START Material to process
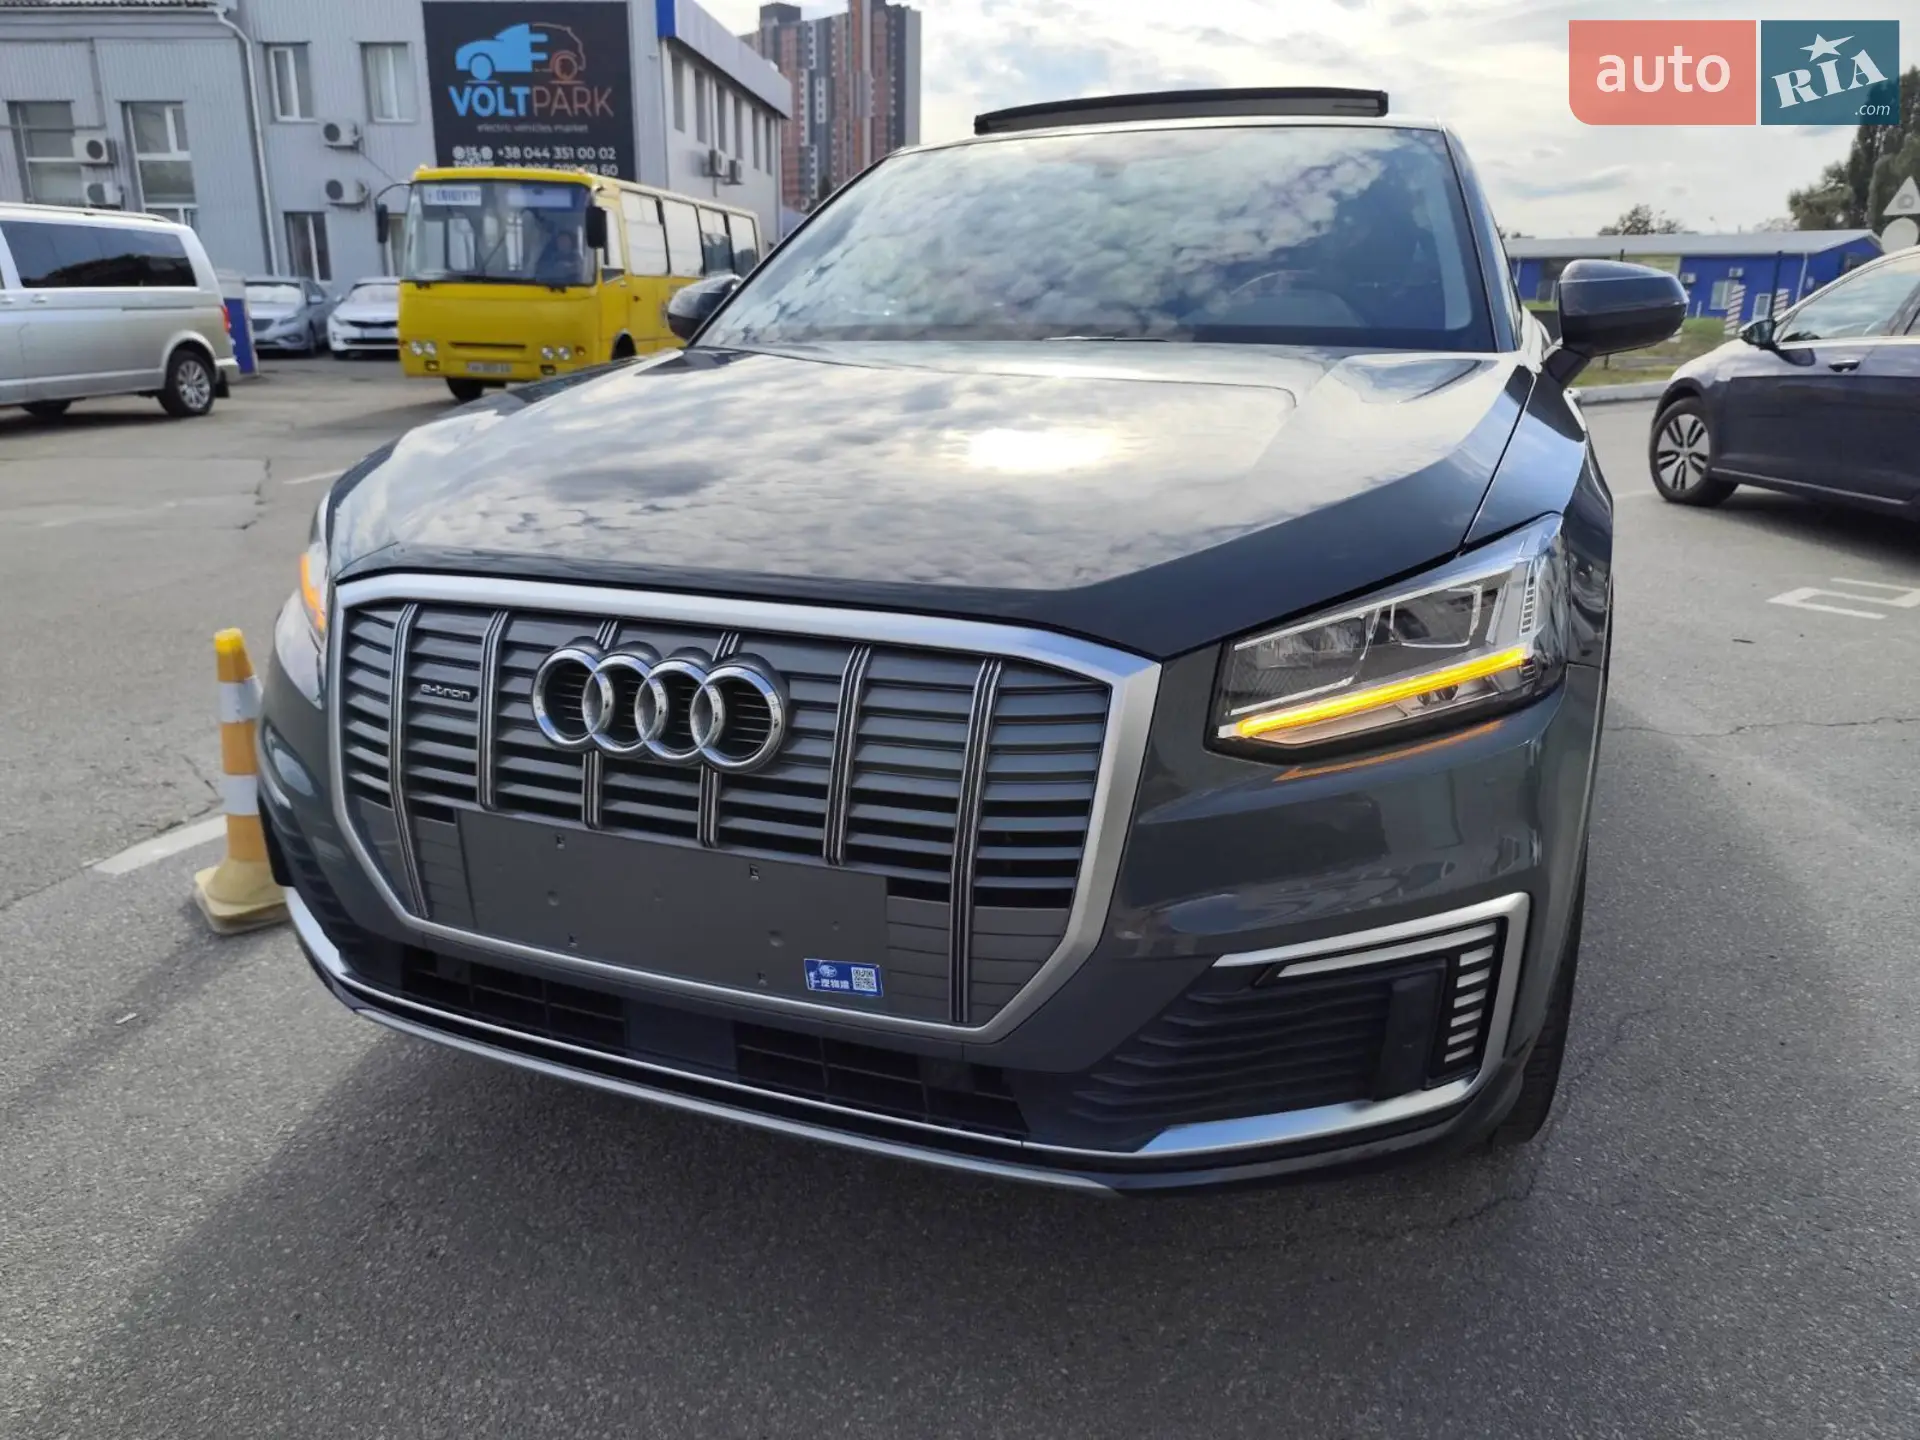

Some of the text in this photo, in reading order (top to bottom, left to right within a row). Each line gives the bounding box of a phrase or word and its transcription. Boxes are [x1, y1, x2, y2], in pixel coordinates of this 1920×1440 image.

[448, 86, 614, 117] VOLTPARK
[523, 146, 550, 160] 044
[552, 146, 575, 160] 351
[577, 146, 596, 160] 00
[599, 146, 616, 160] 02
[420, 684, 470, 700] e-tron
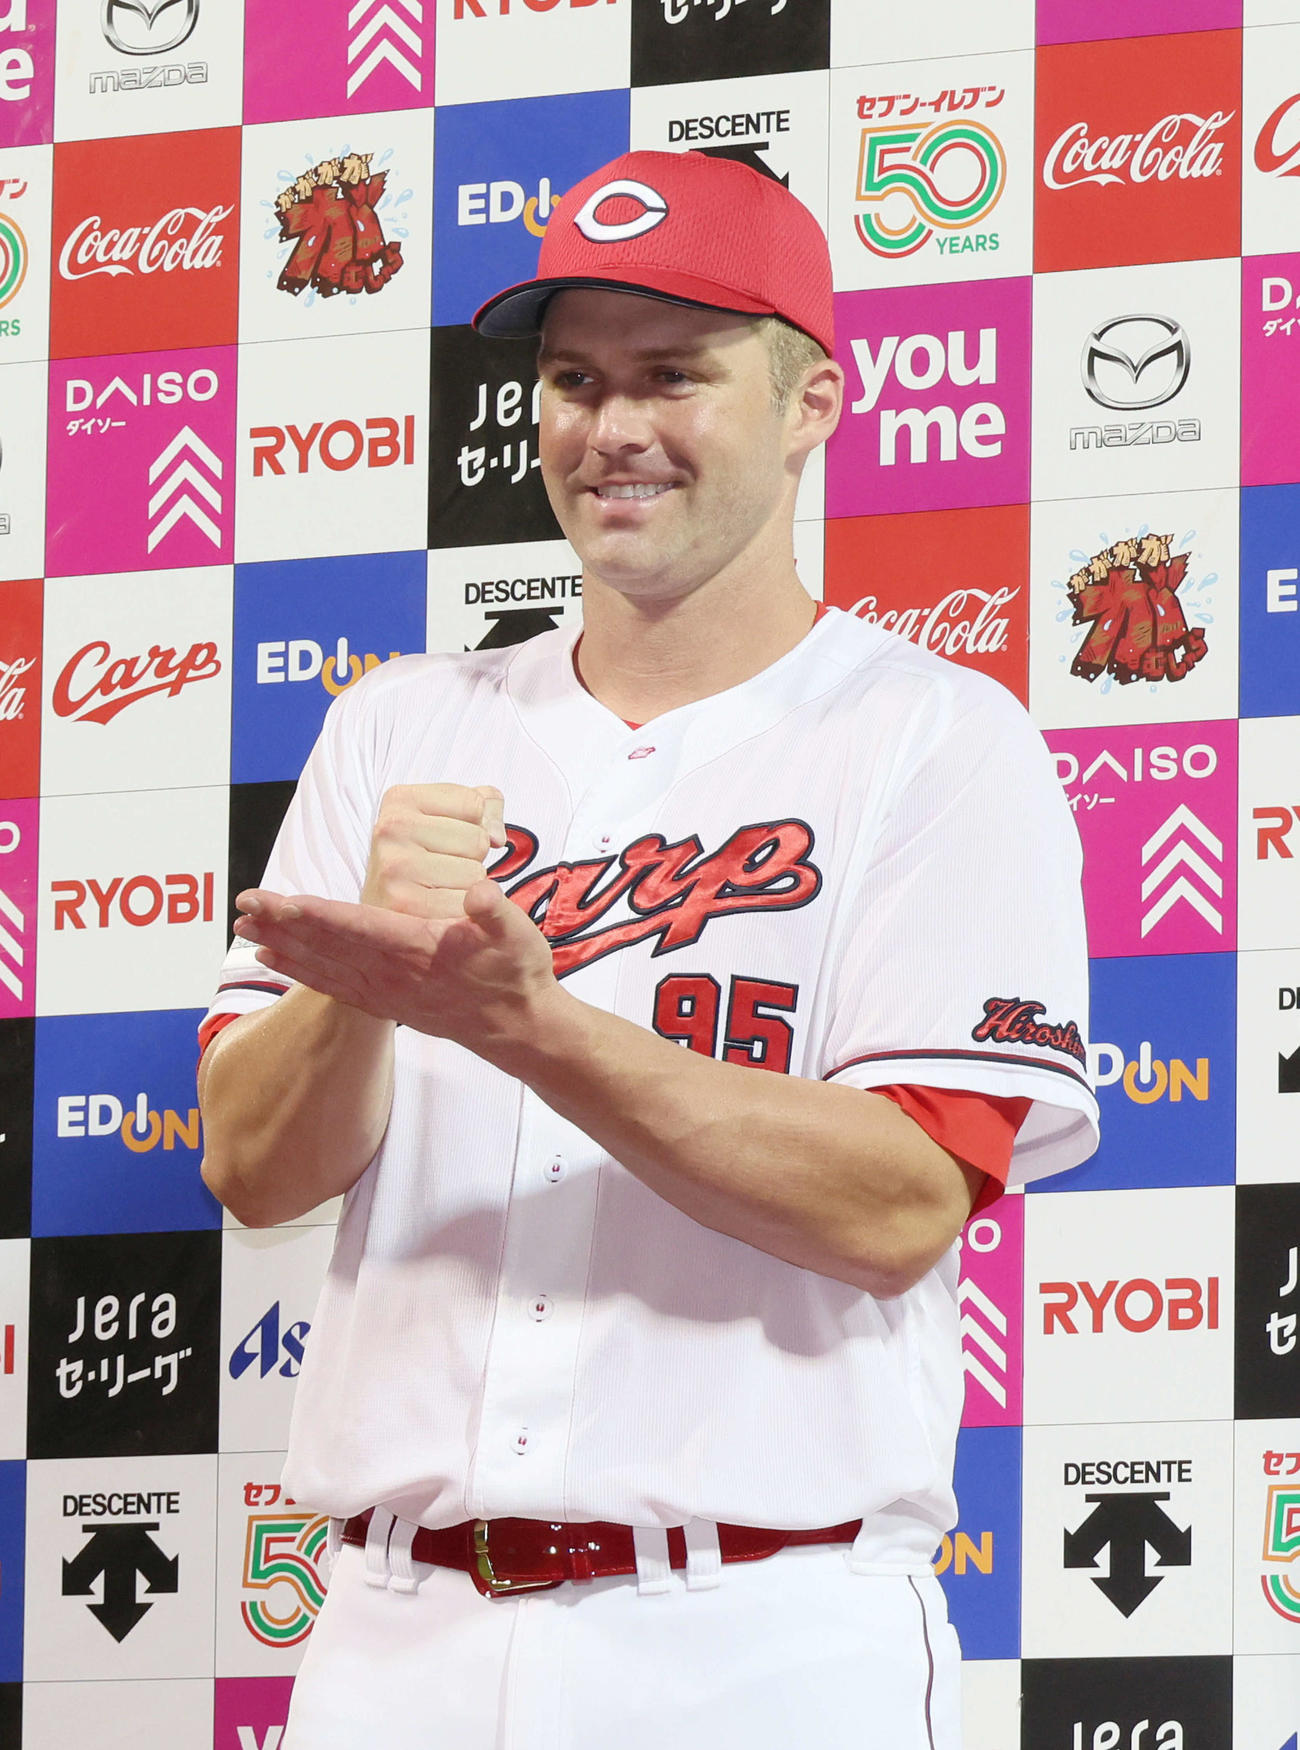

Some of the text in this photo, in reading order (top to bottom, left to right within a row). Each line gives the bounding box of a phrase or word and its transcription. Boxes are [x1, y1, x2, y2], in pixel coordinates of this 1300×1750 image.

[668, 109, 790, 142] DESCENTE
[1043, 110, 1236, 190] Coca-Cola
[854, 119, 1007, 259] 50
[59, 204, 235, 280] Coca-Cola
[936, 233, 1000, 255] YEARS
[66, 369, 219, 412] DAISO
[850, 328, 997, 414] you
[66, 417, 127, 436] ダイソー
[250, 415, 415, 477] RYOBI
[879, 402, 1006, 466] me
[464, 575, 582, 605] DESCENTE
[52, 641, 221, 725] Carp
[1050, 744, 1217, 787] DAISO
[1063, 793, 1115, 812] イソー
[52, 872, 214, 930] RYOBI
[652, 973, 799, 1075] 95
[1089, 1041, 1209, 1104] DION
[57, 1092, 199, 1153] EDION
[1039, 1276, 1219, 1335] RYOBI
[1064, 1459, 1192, 1486] DESCENTE
[62, 1491, 180, 1517] DESCENTE
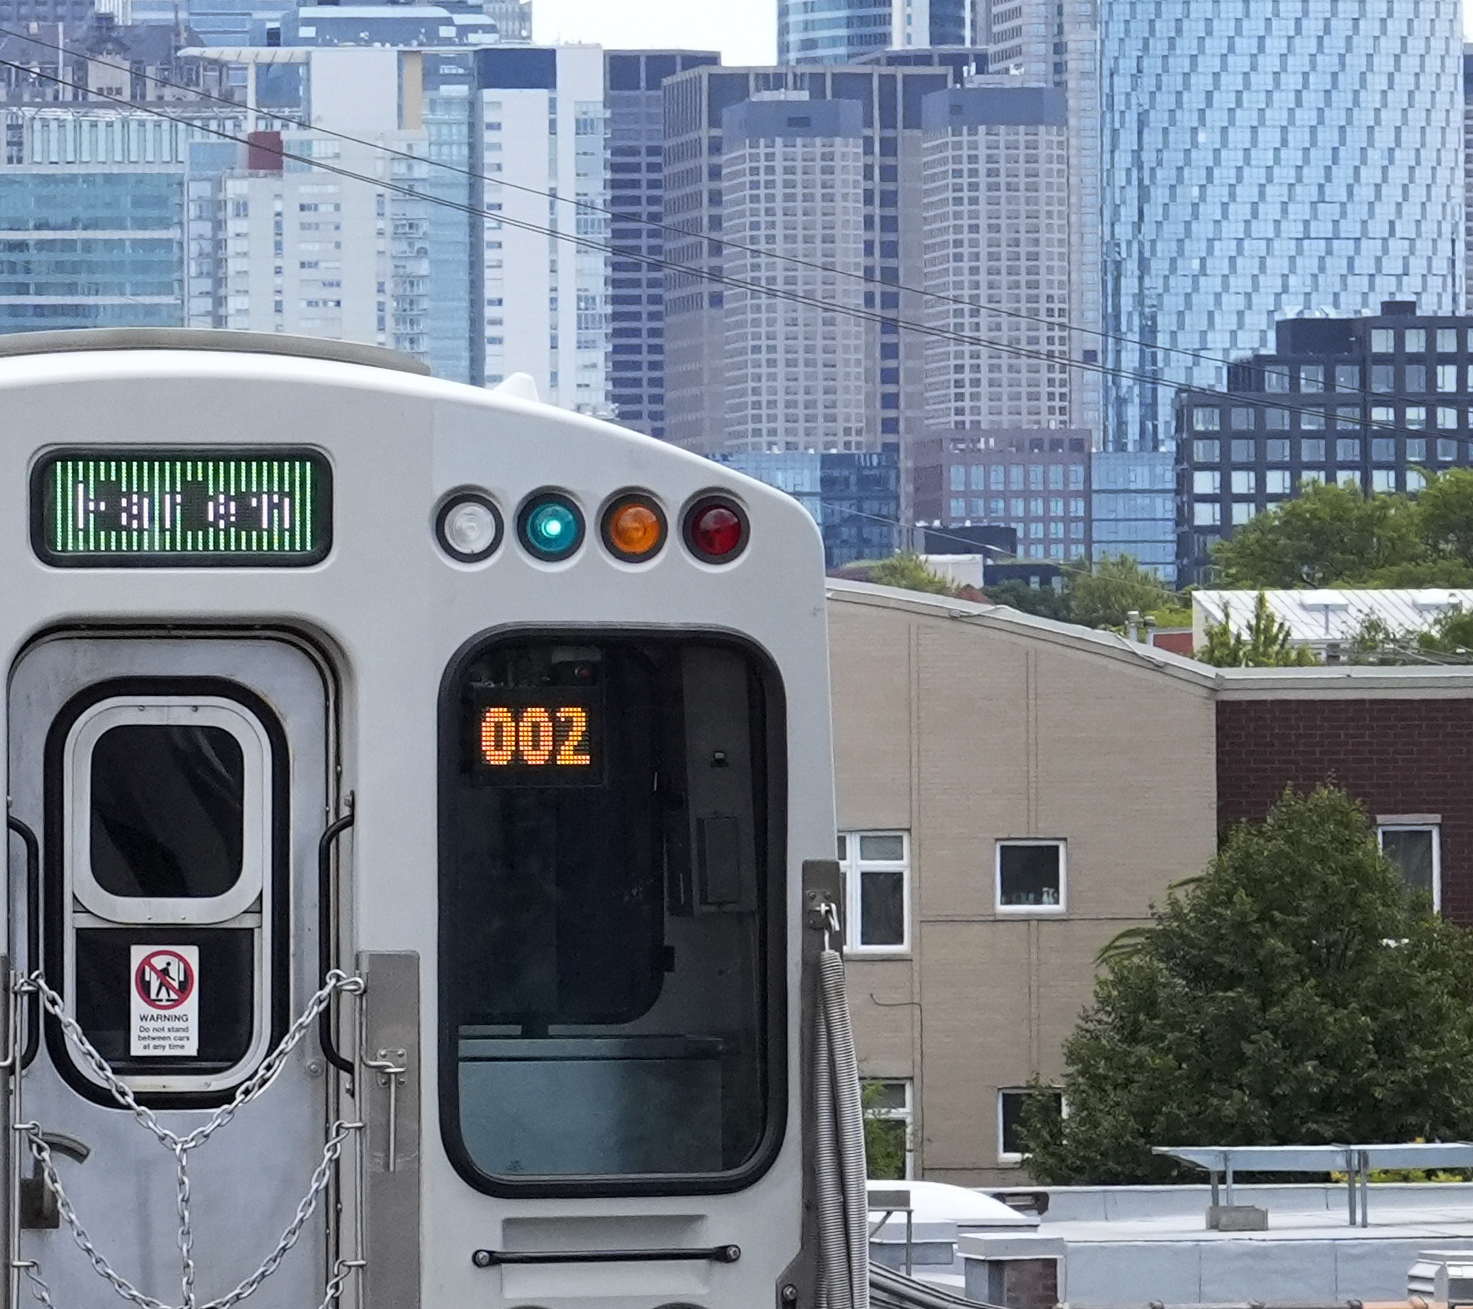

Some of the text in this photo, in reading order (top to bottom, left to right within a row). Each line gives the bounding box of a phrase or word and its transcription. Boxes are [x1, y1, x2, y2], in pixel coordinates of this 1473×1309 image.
END Material to process
Work instructions:
Wherever a picture appears in the records, omit it, and transcribe everything else exactly.

Answer:
Some of the text in this photo, in reading order (top to bottom, left to right within a row). Each line gives the bounding box of a phrase or word and its transcription. Boxes are [x1, y1, x2, y2], in pixel coordinates of this 1920×1440 image.

[448, 86, 614, 117] VOLTPARK
[523, 146, 550, 160] 044
[552, 146, 575, 160] 351
[577, 146, 596, 160] 00
[599, 146, 616, 160] 02
[420, 684, 470, 700] e-tron

Some of the text in this photo, in reading order (top to bottom, left to right within a row). Each line gives the bounding box of a phrase or word and its transcription. Boxes are [x1, y1, x2, y2], in pixel coordinates of this 1300×1750 image.

[668, 109, 790, 142] DESCENTE
[1043, 110, 1236, 190] Coca-Cola
[854, 119, 1007, 259] 50
[59, 204, 235, 280] Coca-Cola
[936, 233, 1000, 255] YEARS
[66, 369, 219, 412] DAISO
[850, 328, 997, 414] you
[66, 417, 127, 436] ダイソー
[250, 415, 415, 477] RYOBI
[879, 402, 1006, 466] me
[464, 575, 582, 605] DESCENTE
[52, 641, 221, 725] Carp
[1050, 744, 1217, 787] DAISO
[1063, 793, 1115, 812] イソー
[52, 872, 214, 930] RYOBI
[652, 973, 799, 1075] 95
[1089, 1041, 1209, 1104] DION
[57, 1092, 199, 1153] EDION
[1039, 1276, 1219, 1335] RYOBI
[1064, 1459, 1192, 1486] DESCENTE
[62, 1491, 180, 1517] DESCENTE

Some of the text in this photo, in reading order (top to bottom, left to right within a row). Each line gives the bounding box of a phrase or word and its transcription. Boxes are [x1, y1, x2, y2], in pixel coordinates of this 1473×1309 image.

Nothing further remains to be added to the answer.